The metal’s 3 percent rally since the start of the year follows a 28 percent loss in 2014, its worst annual performance since 1982.
Spot gold rose to a three-week peak of $1,248.30 an ounce after a private index of U.S. services industries’ activities unexpectedly fell in December, signalling a slowing in overall economic growth at year-end.
But selling picked up rapidly and prices then turned negative before regaining ground again, with traders saying that there may have been a short-lived attempt to re-build short positions after the past few sessions’ gains.
Prices were up 0.4 percent at $1,240.70 an ounce by 1541 GMT. U.S. gold futures for February delivery rose 0.6 percent to $1,245.70 an ounce.
Analysts remained cautious on gold’s current prospects and some said it might retreat during a week filled with events and data releases, after a two-week holiday break.
“This is the first day of increased liquidity after the festive break and I wouldn’t read much into the gold price moves that we have seen in the past few sessions,” ABN Amro analyst Georgette Boele said.

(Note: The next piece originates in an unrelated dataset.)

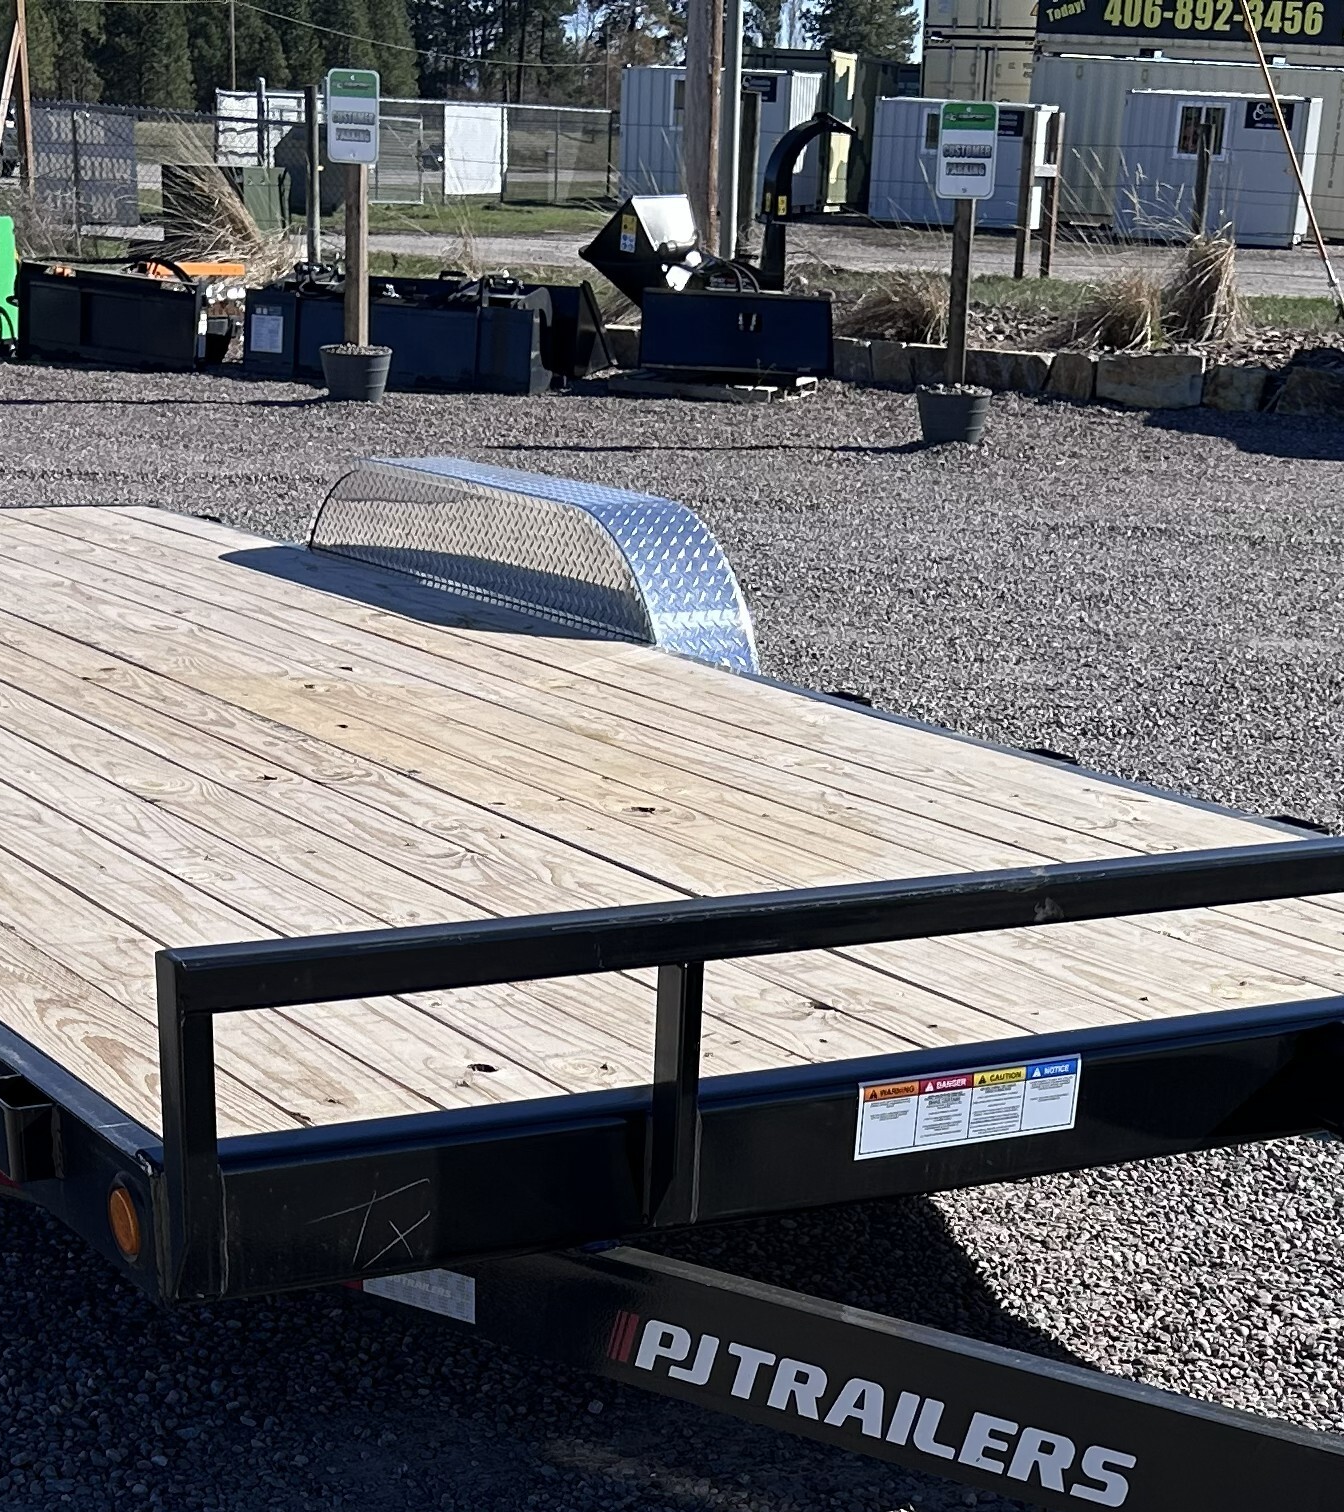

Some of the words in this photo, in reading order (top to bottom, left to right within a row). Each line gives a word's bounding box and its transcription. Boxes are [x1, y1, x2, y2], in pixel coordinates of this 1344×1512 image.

“The drivers will remain the same and investor sentiment will also be crucial, of course this week we have the Fed’s minutes and the U.S. non-farm payrolls, which will give some market direction and strong numbers should be dollar-supportive and adding pressure on gold.”
Traders will now focus on U.S. nonfarm payrolls and trade numbers on Friday for clues on the strength of the economic recovery, while the minutes of the December Fed policy meeting – at which the central bank decided to cut back bond purchases – may hint at how aggressive the Fed will be with tapering.
Ben Bernanke, who steps down as head of the Fed at the end of January, on Friday gave an upbeat assessment of the U.S. economy in coming quarters, though he did temper the good news in housing, finance and fiscal policies by repeating that the overall recovery “clearly remains incomplete”.